## Problem requirements
If an entry holds a picture, leave the picture out and output everything else exactly.

## Information provided
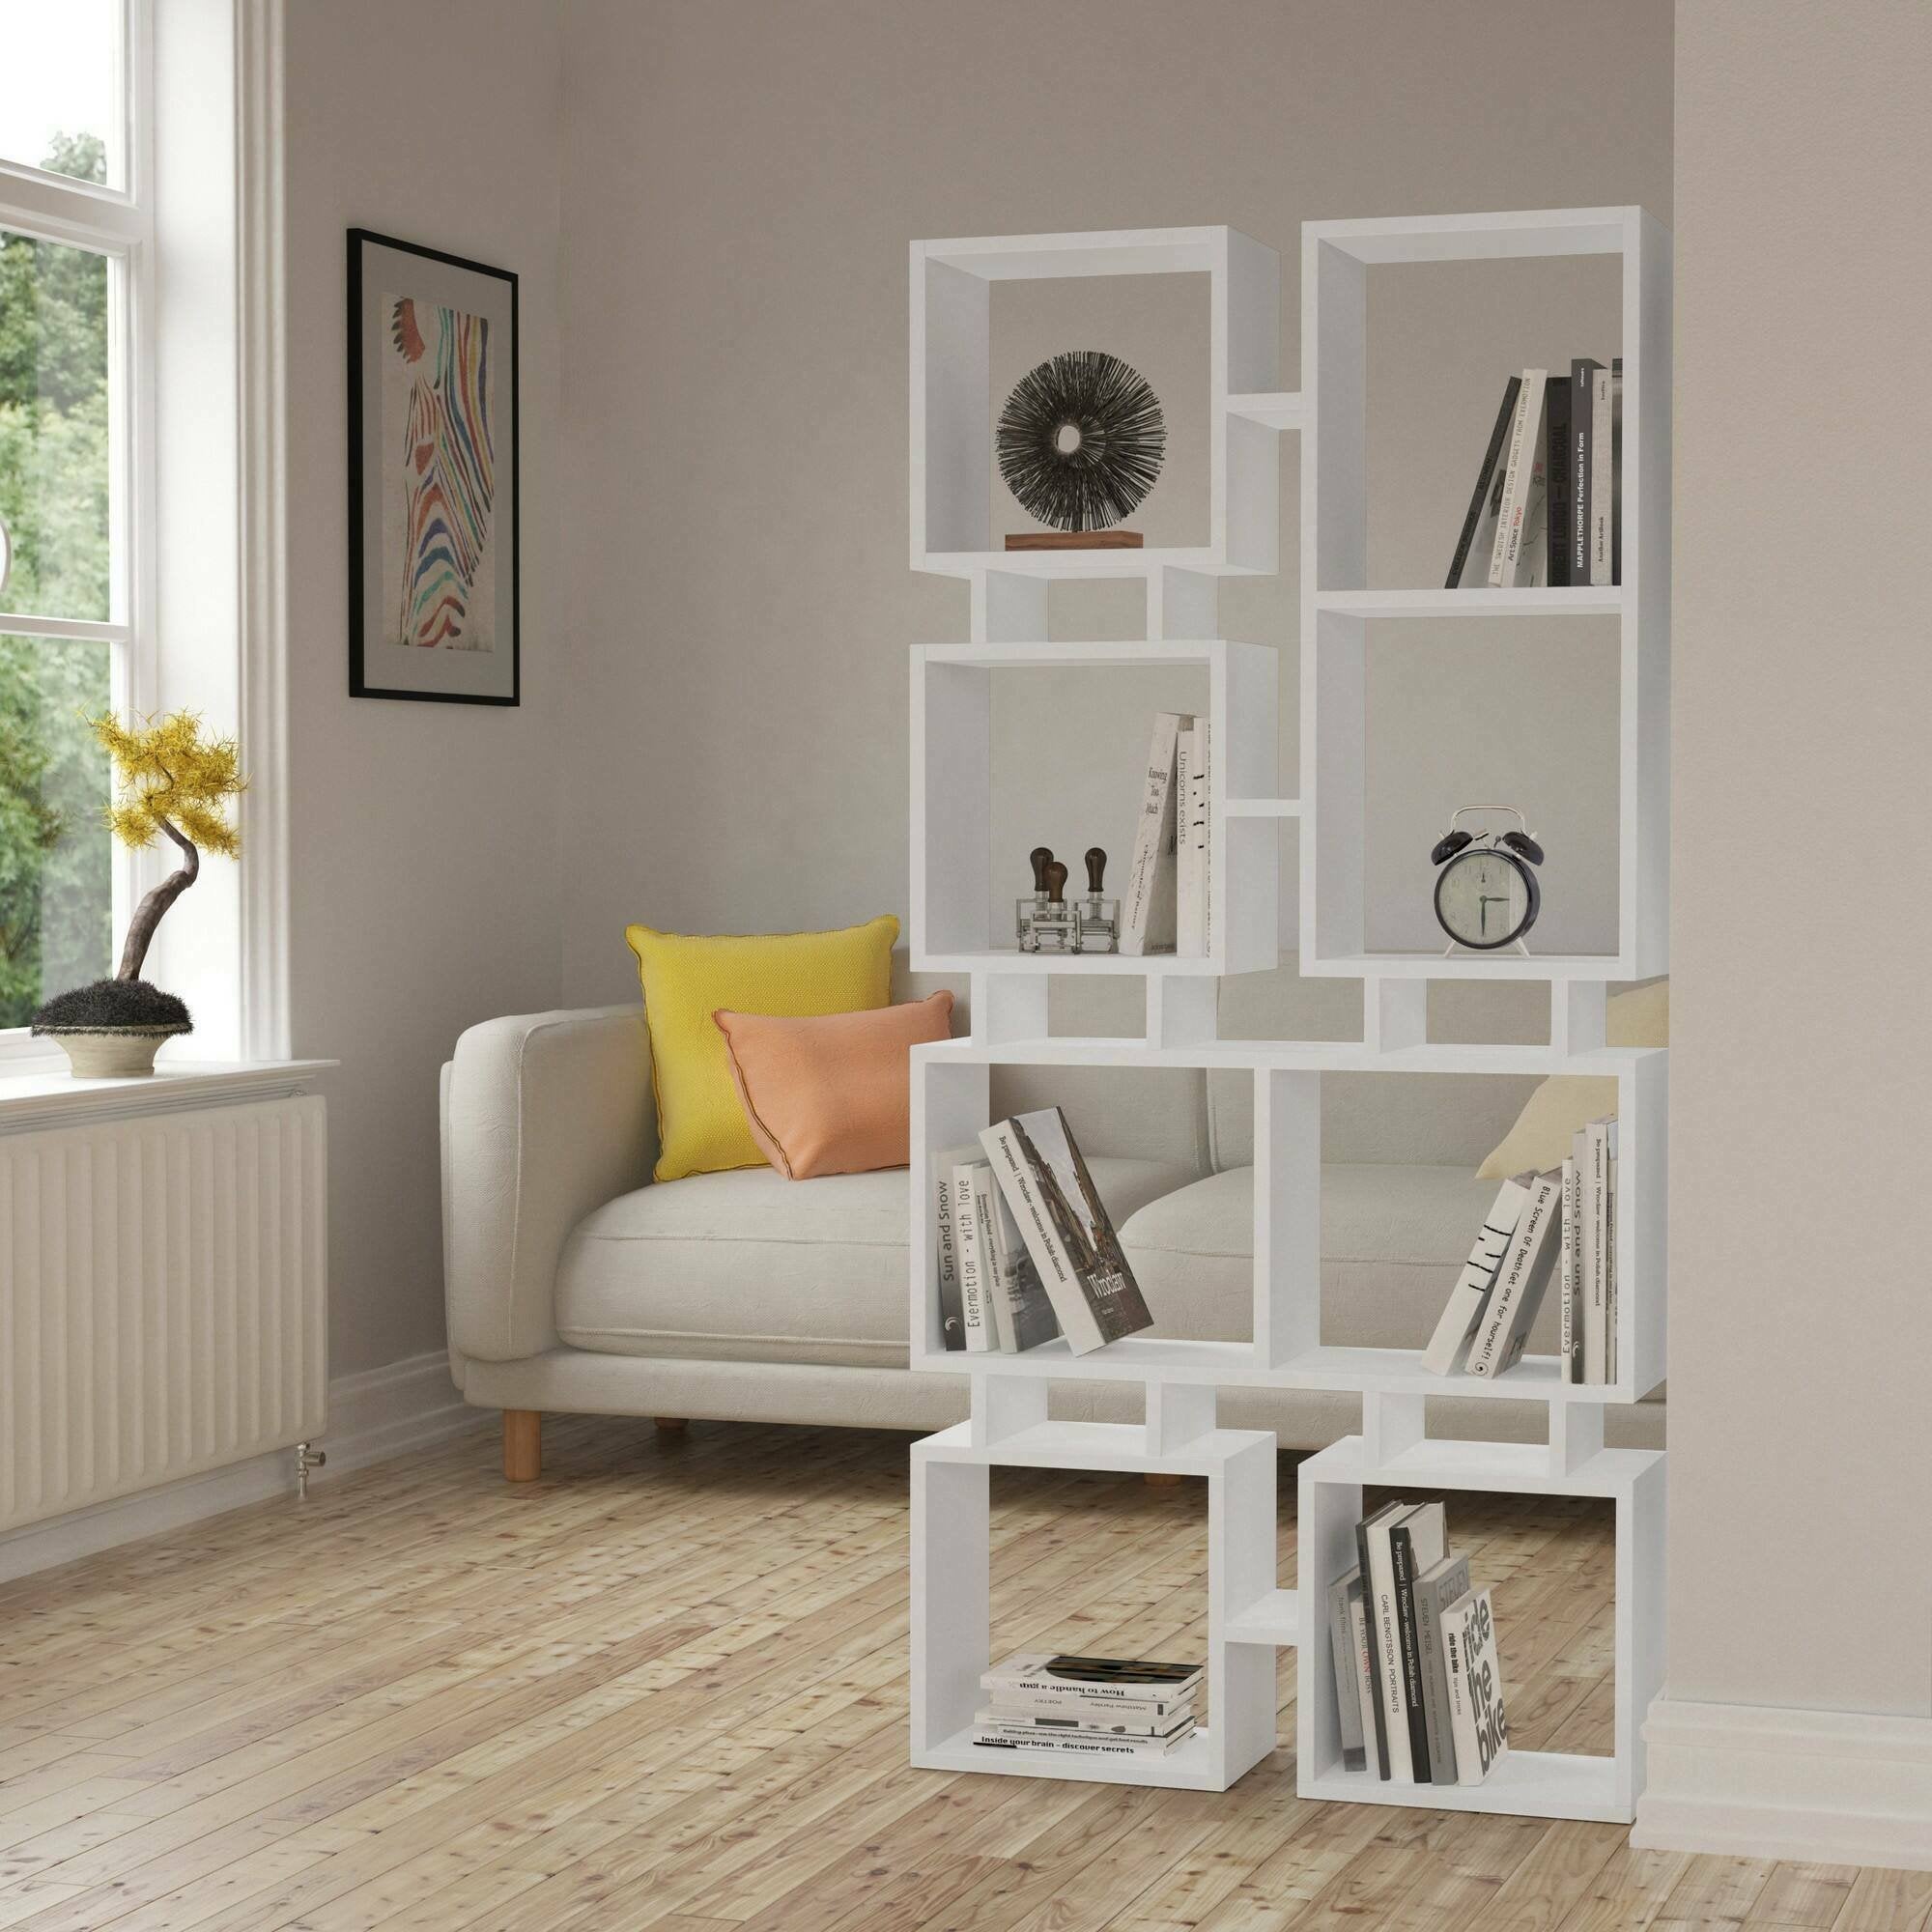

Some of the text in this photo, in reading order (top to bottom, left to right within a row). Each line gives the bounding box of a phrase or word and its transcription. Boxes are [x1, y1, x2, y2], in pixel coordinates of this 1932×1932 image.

[1513, 506, 1522, 526] Tokyo
[1179, 751, 1187, 845] Unicorns exists
[957, 1180, 970, 1207] love
[1537, 1185, 1550, 1205] Blue
[1561, 1178, 1571, 1208] love
[938, 1181, 954, 1282] Sun and Snow
[958, 1214, 973, 1241] with
[1527, 1207, 1543, 1234] Screen
[1561, 1218, 1571, 1250] with
[1523, 1236, 1532, 1247] Of
[964, 1261, 980, 1327] Evermotion
[1501, 1288, 1512, 1302] one
[1497, 1305, 1508, 1319] for
[1561, 1274, 1572, 1353] Evermotion
[1395, 1550, 1406, 1580] prepared
[1380, 1594, 1400, 1713] CARL BENGTSSON PORTRAITS
[1049, 1686, 1085, 1694] handle
[1475, 1698, 1508, 1777] bike

## Response
Some of the text in this photo, in reading order (top to bottom, left to right within a row). Each line gives the bounding box of a phrase or word and its transcription. Boxes are [x1, y1, x2, y2], in pixel coordinates of this 1932×1932 image.

[1513, 506, 1522, 526] Tokyo
[1179, 751, 1187, 845] Unicorns exists
[957, 1180, 970, 1207] love
[1537, 1185, 1550, 1205] Blue
[1561, 1178, 1571, 1208] love
[938, 1181, 954, 1282] Sun and Snow
[958, 1214, 973, 1241] with
[1527, 1207, 1543, 1234] Screen
[1561, 1218, 1571, 1250] with
[1523, 1236, 1532, 1247] Of
[964, 1261, 980, 1327] Evermotion
[1501, 1288, 1512, 1302] one
[1497, 1305, 1508, 1319] for
[1561, 1274, 1572, 1353] Evermotion
[1395, 1550, 1406, 1580] prepared
[1380, 1594, 1400, 1713] CARL BENGTSSON PORTRAITS
[1049, 1686, 1085, 1694] handle
[1475, 1698, 1508, 1777] bike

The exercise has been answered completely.